**DATA RECORDS:**
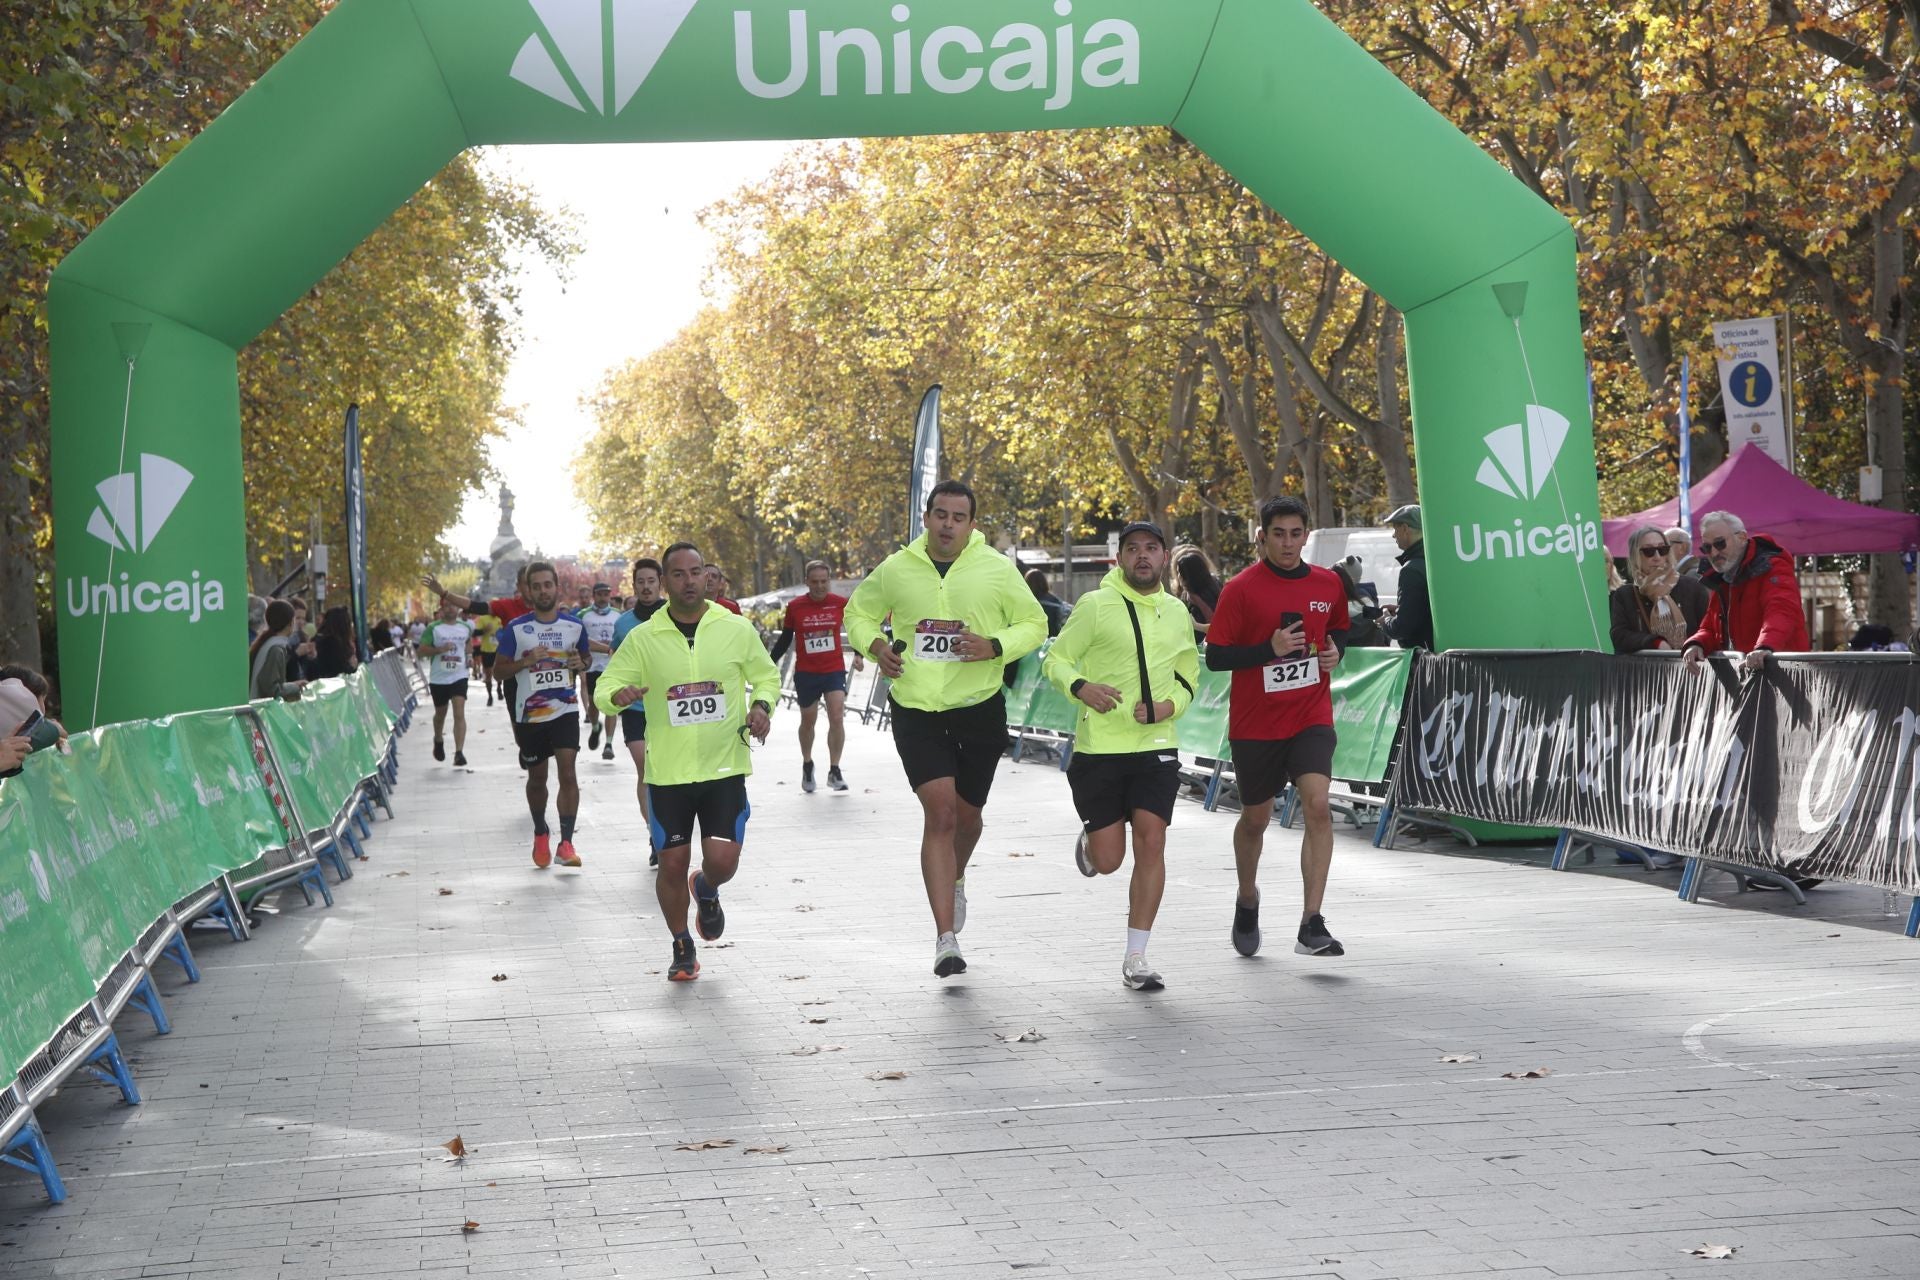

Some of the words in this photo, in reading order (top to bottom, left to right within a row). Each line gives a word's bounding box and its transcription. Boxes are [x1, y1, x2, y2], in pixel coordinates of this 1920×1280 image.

[733, 0, 1140, 111] Unicaja
[1453, 512, 1598, 564] Unicaja
[67, 570, 225, 623] Unicaja
[809, 638, 829, 649] 141
[535, 670, 563, 685] 205
[1272, 660, 1310, 683] 327
[676, 697, 717, 717] 209

**WORK TASK:**
Without the pictures, extract every entry verbatim.

**THE ANSWER:**
Some of the words in this photo, in reading order (top to bottom, left to right within a row). Each line gives a word's bounding box and its transcription. Boxes are [x1, y1, x2, y2], in pixel coordinates of this 1920×1280 image.

[733, 0, 1140, 111] Unicaja
[1453, 512, 1598, 564] Unicaja
[67, 570, 225, 623] Unicaja
[809, 638, 829, 649] 141
[535, 670, 563, 685] 205
[1272, 660, 1310, 683] 327
[676, 697, 717, 717] 209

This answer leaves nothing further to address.